Der Mann nickte und fuhr sich durch den dichten, mit einzelnen grauen Strähnen durchsetzten Bart. »Ich habe gerade mit meinem Anwalt telefoniert.«
»Gibt es denn ein Problem?«, wollte Tracy wissen.
»Nein. Ich wollte nur sicher sein, dass Sie wirklich keinen Durchsuchungsbeschluss brauchen. Ich will keinen Ärger.« Er sprach mit einem deutlichen Akzent. »Mein Anwalt sagt, ein Beschluss ist nicht notwendig.«
»Haben Sie denn das Video?«, fragte Kins.
Archie deutete mit dem Kinn auf den Fernseher. »Ich habe das Band gerade durchgesehen. Dass auf den Kassenbons die Uhrzeit steht, hat mir eine Menge Zeit erspart.«
»Haben Sie es auf dem Computer?«, erkundigte sich Tracy.
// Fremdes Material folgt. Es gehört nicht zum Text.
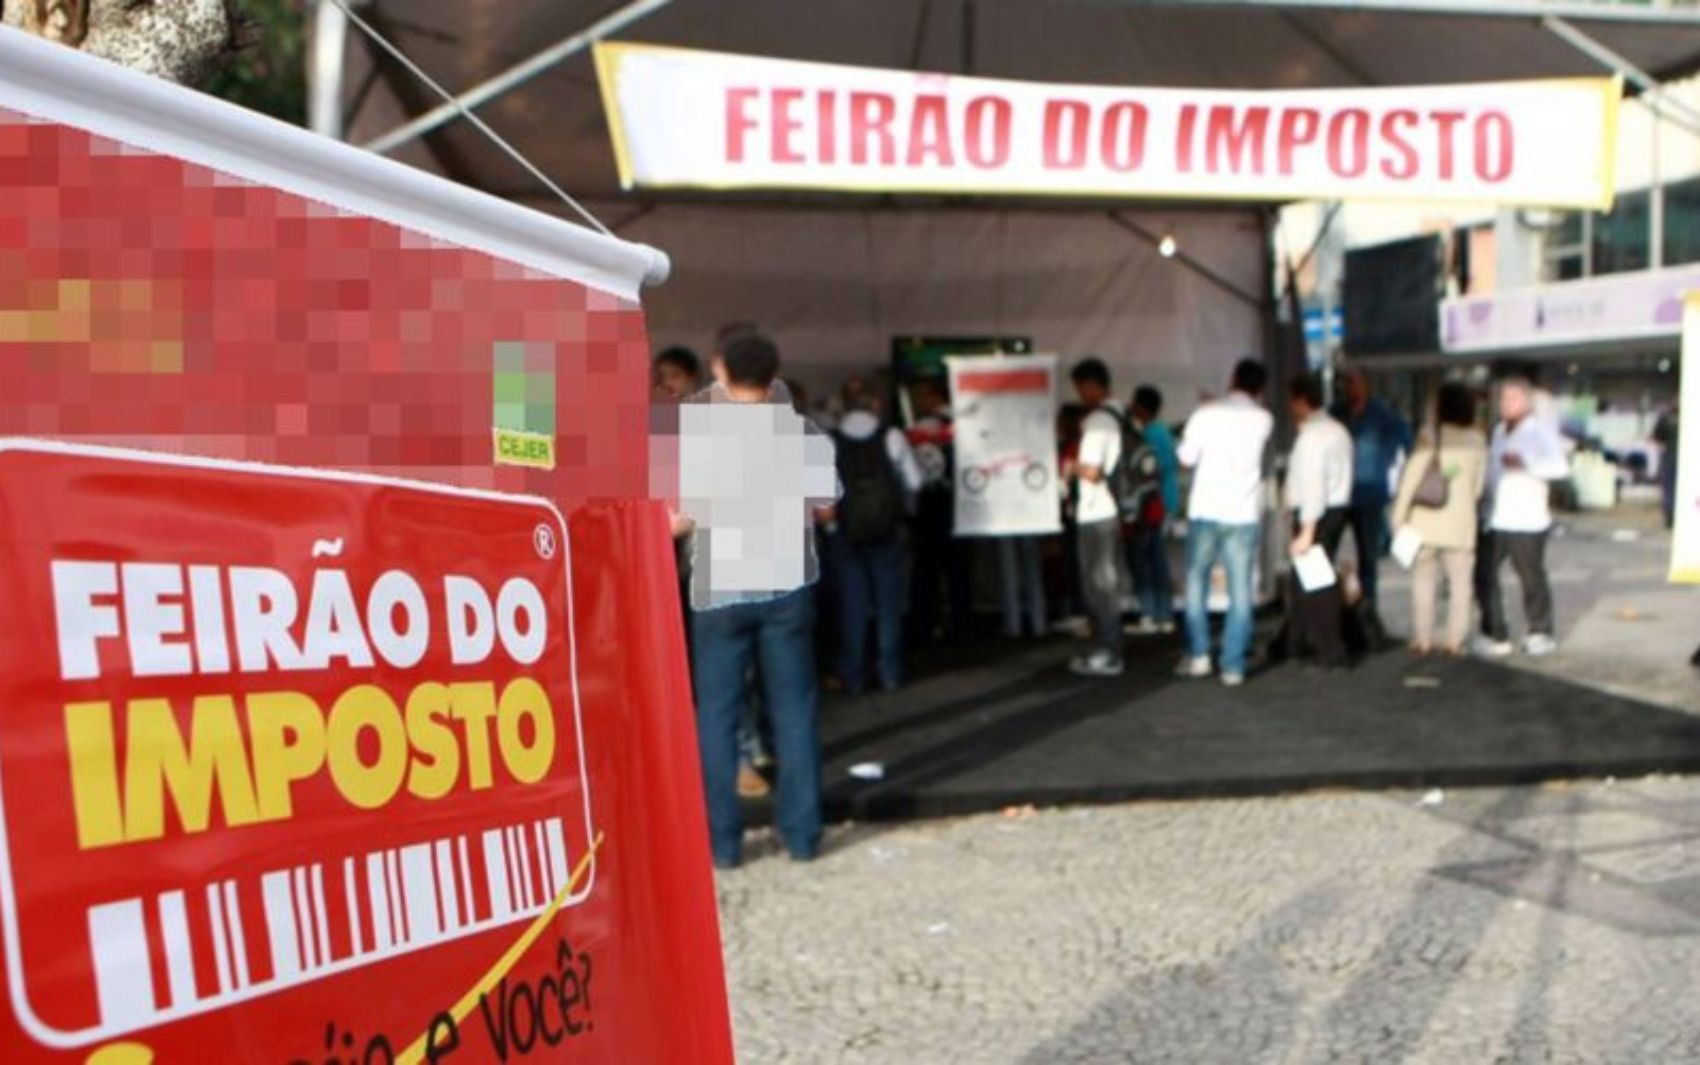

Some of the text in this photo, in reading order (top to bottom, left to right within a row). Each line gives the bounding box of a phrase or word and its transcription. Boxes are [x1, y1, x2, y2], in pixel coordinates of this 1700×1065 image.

[724, 74, 1515, 183] FEIRÃO DO IMPOSTO
[50, 538, 547, 680] FEIRÃO DO
[64, 676, 556, 850] IMPOSTO
»Nein.« Archie stand auf und ging zu dem Tisch, auf dem der kleine Fernseher und ein Videogerät standen. »So modern sind wir hier nicht.«
»Die Aufnahmen sind nicht digitalisiert?« Kins mochte es kaum glauben.
»Digi- was?«
»Ist das das Band?« Tracy zeigte auf die halb aus dem Schlitz des Videogeräts ragende VCR-Kassette.
»Ja.«
»Können Sie es für uns abspielen?«
»Selbstverständlich.«
Archie setzte sich, drehte seinen Stuhl wieder so, dass er den Fernseher vor sich hatte, und schob das Band in den Rekorder. Mit hocherhobenem Kinn, damit er durch die Brille sehen konnte, tastete er nach den Knöpfen auf der Fernbedienung, um dann zufrieden den Stuhl zurückrollen zu lassen, aufzustehen und zur Seite zu treten. Jetzt konnten auch Tracy und Kins den Bildschirm sehen. Das Bild war schwarz-weiß und eindeutig nicht von der besten Qualität. Da es ohne Ton lief, hörten sie nur das Summen und Surren des Bandes, was sich ganz danach anhörte, als hätte die altmodische Maschine schwer zu kämpfen und das Band könnte jeden Moment reißen. Auf dem Bildschirm betrat ein Mann in weißem Hemd mit einer Baseballkappe auf dem Kopf den Laden und steuerte zielstrebig die Kühlschränke hinten im Raum an. Tracy machte sich nicht die Mühe, das Band zu stoppen und seine Größe am Lineal in der Tür abzulesen. Das könnten sie später tun. Noch war nicht erkennbar, ob es sich bei dem Mann um Trejo handelte.
Er öffnete die Tür eines Kühlschranks, zögerte kurz, schloss sie wieder und öffnete die Tür daneben, nahm zwei Dosen aus dem Schrank und ging zur Kasse. Sobald er sich dem Tresen näherte, wurde das Bild besser. Nicht perfekt, aber gut genug. Tracy und Kins wussten Bescheid.